Rats spread brain-invading worms

“Rats spread brain-invading worms.” Rat lung worm has been around for decades. However, there have been an increase in the number of cases in the last decade in Maui, Hawaii. The number is small, but it’s a dramatic jump from the normal number of cases. In the decade before, the island had only seen two other cases.

The surprising increase in cases has health officials and residents alike worried about the rise of the brain-invading worm. Furthermore, the infection may be symptomless, difficult to detect and resolve itself on its own. But for others, rat lung worm moves into the brain and can cause inflammation, pain, and other neurological problems such as tremors. Indeed, in some cases, it can be fatal. In all cases, rat lung worm is very difficult to diagnose.

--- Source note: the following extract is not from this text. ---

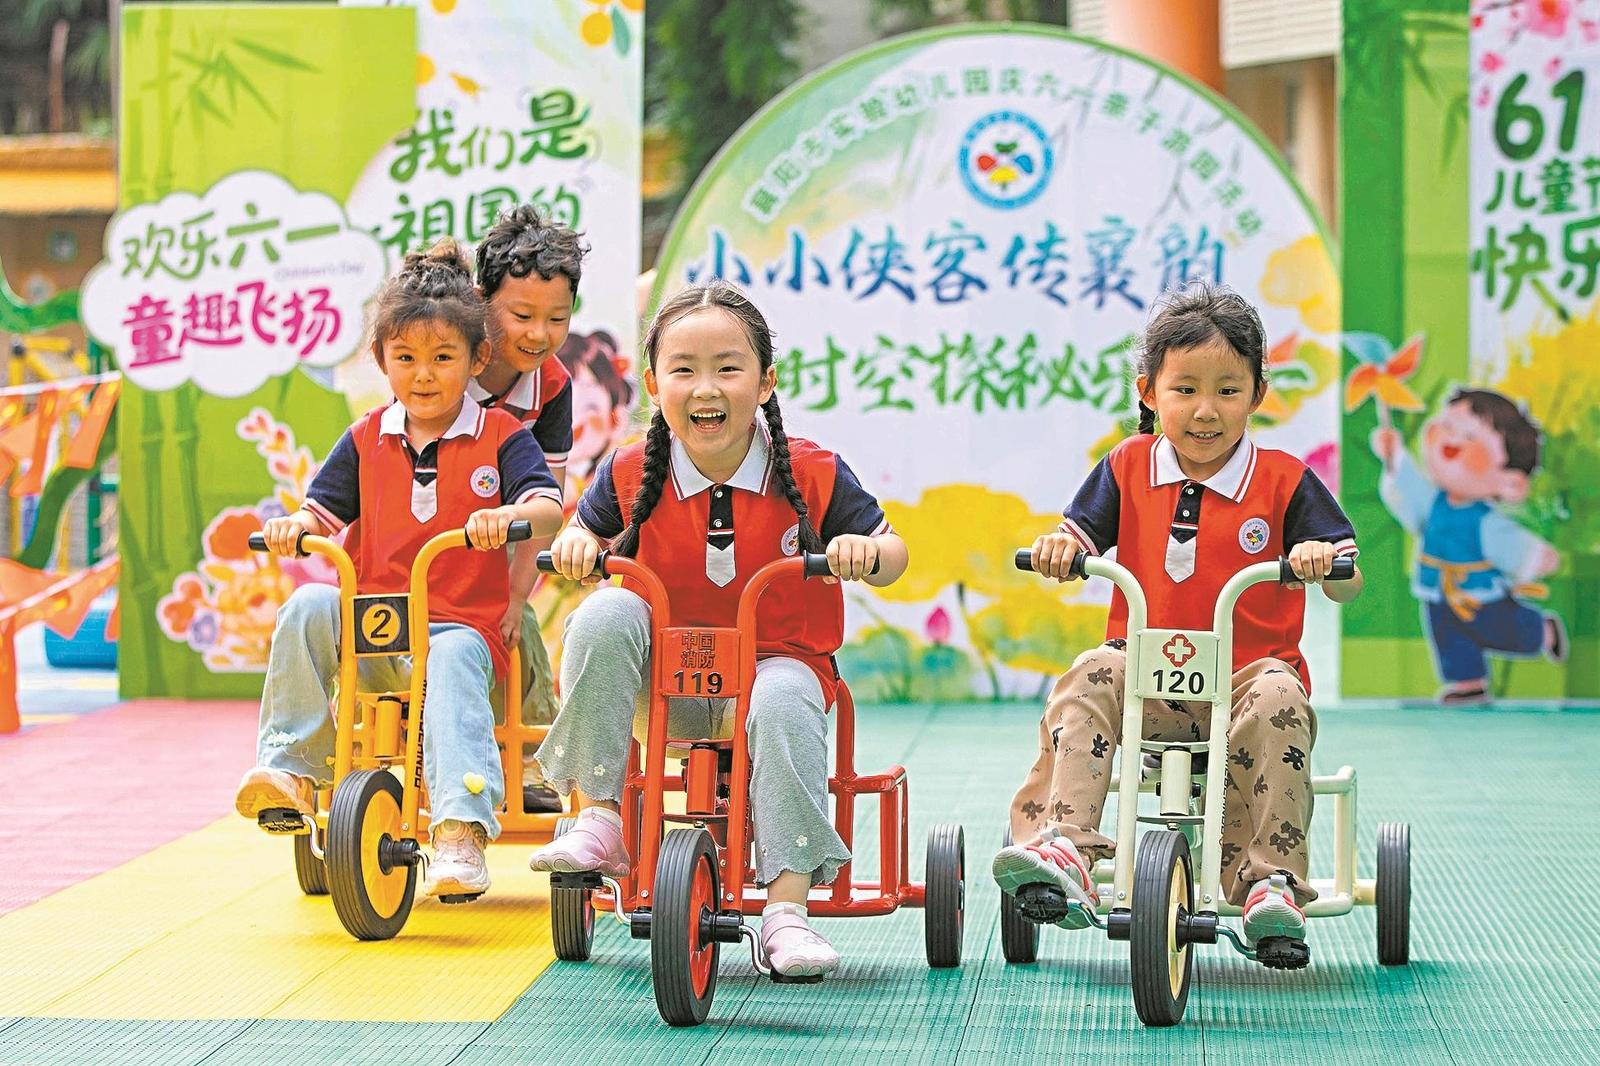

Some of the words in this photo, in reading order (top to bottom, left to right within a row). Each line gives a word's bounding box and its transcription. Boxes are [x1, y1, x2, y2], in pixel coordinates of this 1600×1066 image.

Rats spread brain-invading worms: The role of slugs and snails

As the name suggests, rat lung worm is a parasitic roundworm (Angiostrongylus cantonensis) that infects rats’ lungs as well as their blood and brains. Infected rats poop out worm larvae, which can be picked up by snails, slugs, lizards, land crabs and freshwater shrimp. These are intermediate hosts that shed the worm. Humans can pick up the infection by handling or eating any infected beast or by eating produce that has been contaminated by roaming infected snails and slugs.

In conclusion, the growth of globalisation and climate change has lead to an increase in cases across the globe. In addition, concerns are rising that post lock down increases in international travel will result in a further spread of the disease.